══ ENTRIES SHOWN ══

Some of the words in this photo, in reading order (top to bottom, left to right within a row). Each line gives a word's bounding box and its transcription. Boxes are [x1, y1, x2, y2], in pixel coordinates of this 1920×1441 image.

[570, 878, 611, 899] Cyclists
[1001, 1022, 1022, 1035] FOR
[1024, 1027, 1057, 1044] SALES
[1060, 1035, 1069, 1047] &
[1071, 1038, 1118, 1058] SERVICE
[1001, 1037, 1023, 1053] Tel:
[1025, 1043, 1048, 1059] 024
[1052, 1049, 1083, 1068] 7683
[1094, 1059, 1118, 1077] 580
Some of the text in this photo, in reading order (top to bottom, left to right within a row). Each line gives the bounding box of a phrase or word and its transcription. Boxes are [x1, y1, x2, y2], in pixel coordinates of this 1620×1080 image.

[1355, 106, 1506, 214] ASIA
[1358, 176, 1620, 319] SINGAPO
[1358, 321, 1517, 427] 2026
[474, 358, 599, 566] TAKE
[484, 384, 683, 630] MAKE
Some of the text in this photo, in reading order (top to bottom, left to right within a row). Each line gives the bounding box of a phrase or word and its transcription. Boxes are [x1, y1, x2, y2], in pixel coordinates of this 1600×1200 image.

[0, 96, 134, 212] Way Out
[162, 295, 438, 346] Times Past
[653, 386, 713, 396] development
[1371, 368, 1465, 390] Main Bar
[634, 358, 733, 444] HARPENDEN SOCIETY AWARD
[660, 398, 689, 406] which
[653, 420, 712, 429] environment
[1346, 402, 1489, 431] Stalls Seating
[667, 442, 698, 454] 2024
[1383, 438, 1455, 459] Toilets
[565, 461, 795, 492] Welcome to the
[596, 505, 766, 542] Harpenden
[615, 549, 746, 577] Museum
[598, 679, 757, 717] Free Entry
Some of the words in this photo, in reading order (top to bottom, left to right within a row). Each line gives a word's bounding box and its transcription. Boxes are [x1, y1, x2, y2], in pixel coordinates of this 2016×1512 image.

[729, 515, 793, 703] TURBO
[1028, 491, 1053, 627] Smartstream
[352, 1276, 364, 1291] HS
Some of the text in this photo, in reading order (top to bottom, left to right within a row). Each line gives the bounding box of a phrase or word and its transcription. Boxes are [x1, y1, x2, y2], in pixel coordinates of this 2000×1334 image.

═══

TASK TO COMPLETE
The answer must reproduce every record exactly.

OUTPUT FOR THIS TASK
Some of the words in this photo, in reading order (top to bottom, left to right within a row). Each line gives a word's bounding box and its transcription. Boxes are [x1, y1, x2, y2], in pixel coordinates of this 1920×1441 image.

[570, 878, 611, 899] Cyclists
[1001, 1022, 1022, 1035] FOR
[1024, 1027, 1057, 1044] SALES
[1060, 1035, 1069, 1047] &
[1071, 1038, 1118, 1058] SERVICE
[1001, 1037, 1023, 1053] Tel:
[1025, 1043, 1048, 1059] 024
[1052, 1049, 1083, 1068] 7683
[1094, 1059, 1118, 1077] 580
Some of the text in this photo, in reading order (top to bottom, left to right within a row). Each line gives the bounding box of a phrase or word and its transcription. Boxes are [x1, y1, x2, y2], in pixel coordinates of this 1620×1080 image.

[1355, 106, 1506, 214] ASIA
[1358, 176, 1620, 319] SINGAPO
[1358, 321, 1517, 427] 2026
[474, 358, 599, 566] TAKE
[484, 384, 683, 630] MAKE
Some of the text in this photo, in reading order (top to bottom, left to right within a row). Each line gives the bounding box of a phrase or word and its transcription. Boxes are [x1, y1, x2, y2], in pixel coordinates of this 1600×1200 image.

[0, 96, 134, 212] Way Out
[162, 295, 438, 346] Times Past
[653, 386, 713, 396] development
[1371, 368, 1465, 390] Main Bar
[634, 358, 733, 444] HARPENDEN SOCIETY AWARD
[660, 398, 689, 406] which
[653, 420, 712, 429] environment
[1346, 402, 1489, 431] Stalls Seating
[667, 442, 698, 454] 2024
[1383, 438, 1455, 459] Toilets
[565, 461, 795, 492] Welcome to the
[596, 505, 766, 542] Harpenden
[615, 549, 746, 577] Museum
[598, 679, 757, 717] Free Entry
Some of the words in this photo, in reading order (top to bottom, left to right within a row). Each line gives a word's bounding box and its transcription. Boxes are [x1, y1, x2, y2], in pixel coordinates of this 2016×1512 image.

[729, 515, 793, 703] TURBO
[1028, 491, 1053, 627] Smartstream
[352, 1276, 364, 1291] HS
Some of the text in this photo, in reading order (top to bottom, left to right within a row). Each line gives the bounding box of a phrase or word and its transcription. Boxes are [x1, y1, x2, y2], in pixel coordinates of this 2000×1334 image.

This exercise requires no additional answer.